For effective role-based authorization using COM+ roles, ensure that the original caller's security context is used for the call to the serviced component. This allows you to perform granular role-based authorization based on the caller's group membership. If an ASP.NET Web application calls your serviced components , this means that the Web application needs to impersonate its callers before calling your component.

Sensitive Data Protection

If your serviced components handle sensitive data, such as employee details, financial transactions, and health records, consider how to protect the data as it crosses the network. If your application does not run in a secure Internet Data Center (IDC) environment, where IPSec provides transport level encryption, an alternative option is to use RPC encryption. For this you must use the Packet Privacy authentication level. For more information, see the "Sensitive Data" section later in this chapter.

Audit Requirements

To address the repudiation threat, sensitive transactions performed by Enterprise Service components should be logged. At design time, consider the type of operations that should be audited and the details that should be logged. At a minimum, this should include the identity that initiated the transaction and the identity used to perform the transaction, which may or may not be the same.

Application Activation Type

At design time, decide how your serviced component will be activated.
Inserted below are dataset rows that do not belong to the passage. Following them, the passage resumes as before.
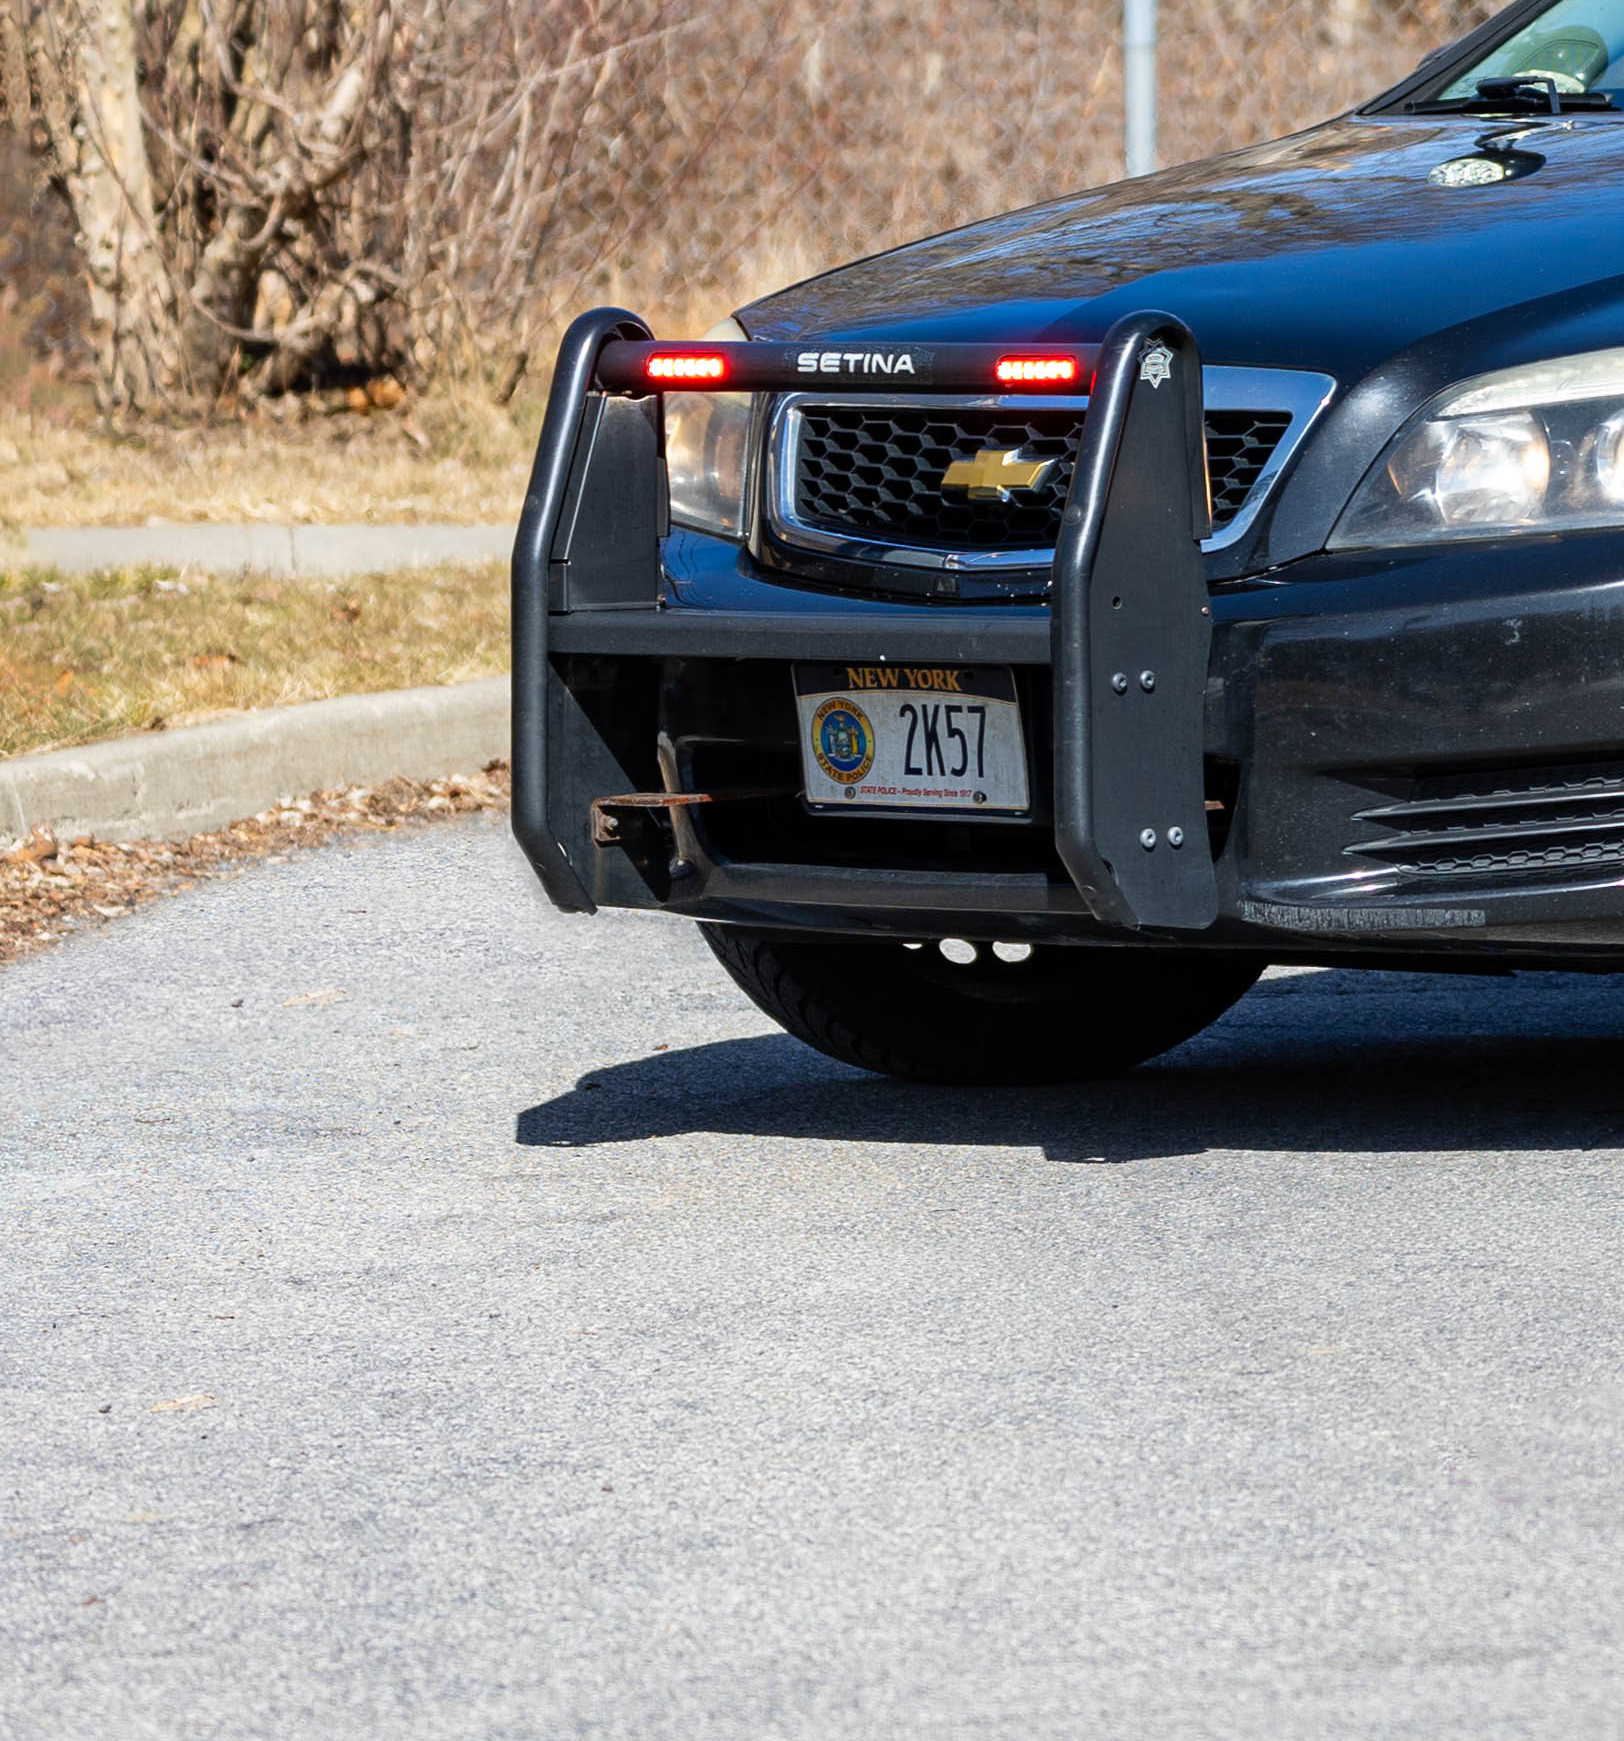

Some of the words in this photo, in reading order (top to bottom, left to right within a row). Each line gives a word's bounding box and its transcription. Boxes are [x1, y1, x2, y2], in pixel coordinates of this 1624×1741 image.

[796, 351, 917, 375] SETINA
[846, 667, 899, 689] NEW
[904, 668, 962, 692] YORK
[899, 703, 987, 779] 2K57
[816, 752, 845, 782] STATE
[846, 753, 875, 782] POLICE
[878, 786, 897, 795] POLICE
You can activate them using an instance of the Dllhost.exe process or you can run them inside the client process. Server applications run out of process in an instance of Dllhost.exe. Library applications run in the client's process address space. Library applications are more efficient due to the lack of inter-process communication. However, they are less configurable and are not protected with process level isolation. Many security settings, such as the authentication and impersonation levels, are inherited from the client process.

Transactions

If you plan to use distributed transactions, consider where the transaction is initiated and consider the implications of running transactions between components and resource managers separated by firewalls. In this scenario, the firewall must be configured to support the Microsoft Distributed Transaction Coordinator (DTC) traffic.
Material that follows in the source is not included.